Le chou n’est qu’un pauvre légume, tout ce qu’il y a de plus démocratique dans la république horticole. C’est sans tapage et sans mise en scène que cette humble crucifère porte sa croix dans nos jardins, sur nos marchés, dans nos cuisines, et vous ne le verrez jamais s’en faire accroire comme l’asperge, par exemple, ou comme l’hypocrite melon.
Par nature, le chou est modeste, même quand il est frisé. On aurait tort pourtant d’en médire ou de le dédaigner car il sait nous rendre à l’occasion d’inappréciables services.
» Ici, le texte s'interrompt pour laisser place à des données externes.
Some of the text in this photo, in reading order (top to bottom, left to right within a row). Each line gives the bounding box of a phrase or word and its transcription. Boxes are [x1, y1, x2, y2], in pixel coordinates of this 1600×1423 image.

Tout d’abord des services culinaires.
Il faut être un barbare, en effet, ou avoir totalement perdu le sens du goût, pour ne pas lui rendre hommage quand il se présente sous les espèces et apparence d’une soupe onctueuse et parfumée ou, mieux encore, autour des flancs dorés d’une perdrix «revenue» à point. Même aigri, fermenté, transformé en choucroute par l’action d’un microbe «sui generis», le chou reste encore un régal, dont point n’est besoin d’être Alsacien pour savourer les délices.
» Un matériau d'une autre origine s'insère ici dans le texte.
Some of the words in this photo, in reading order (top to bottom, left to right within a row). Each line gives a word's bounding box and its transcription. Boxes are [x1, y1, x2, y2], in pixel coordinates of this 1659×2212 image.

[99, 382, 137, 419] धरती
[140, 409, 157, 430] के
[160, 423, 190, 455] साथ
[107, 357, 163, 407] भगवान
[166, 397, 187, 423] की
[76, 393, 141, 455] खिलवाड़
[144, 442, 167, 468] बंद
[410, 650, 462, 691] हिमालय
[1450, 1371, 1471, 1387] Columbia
À ce point de vue — le premier qui s’offre à l’esprit —le chou n’a qu’un tort : c’est d’être d’une digestion trop difficile pour convenir à tous les estomacs. Le suc aromatique qu’il contient est d’une âcreté féconde en flatulences, en coliques, en dyspepsies, que la cuisson ne suffit pas toujours à corriger. Nombreux, hélas ! sont ceux que la prudence, mère de la sûreté stomacale comme de toutes les sûretés, condamne à s’abstenir de cette joie de la vie; nous n’avons qu’à plaindre notre sort.
Dans un autre ordre d’idées tout différent, dans l’ordre grammatical, le chou tient encore sa place, et beaucoup plus que la plupart des autres légumes, il a contribué à enrichir la langue.
Ne lui devons-nous pas certaines expressions pittoresques — «planter ses choux», «être dans les choux», «naître sous un chou», «faire ses choux gras», «bête comme un chou», etc. — qui ne manque pas d’une certaine saveur ? Sans parler des métaphores, telles que : «un chou à la crème», «un chou de rubans» dont pâtissiers et couturières auraient peine à se passer. Il n’est pas jusqu’au doux verbe d’amour qui n’ait réquisitionné ce symbole et «mon chou» vaut bien «mon lapin» ou «ma crotte en or».
Je ne pouvais m’imaginer autrement que Serge Bouchard lisant ces lignes à voix haute! Le style est relativement semblable. Merci pour le partage! Bruno
C’est bien vrai, on dirait qu’il y a du Bouchard là-dedans. Je n’y avais pas pensé. Merci à Vous.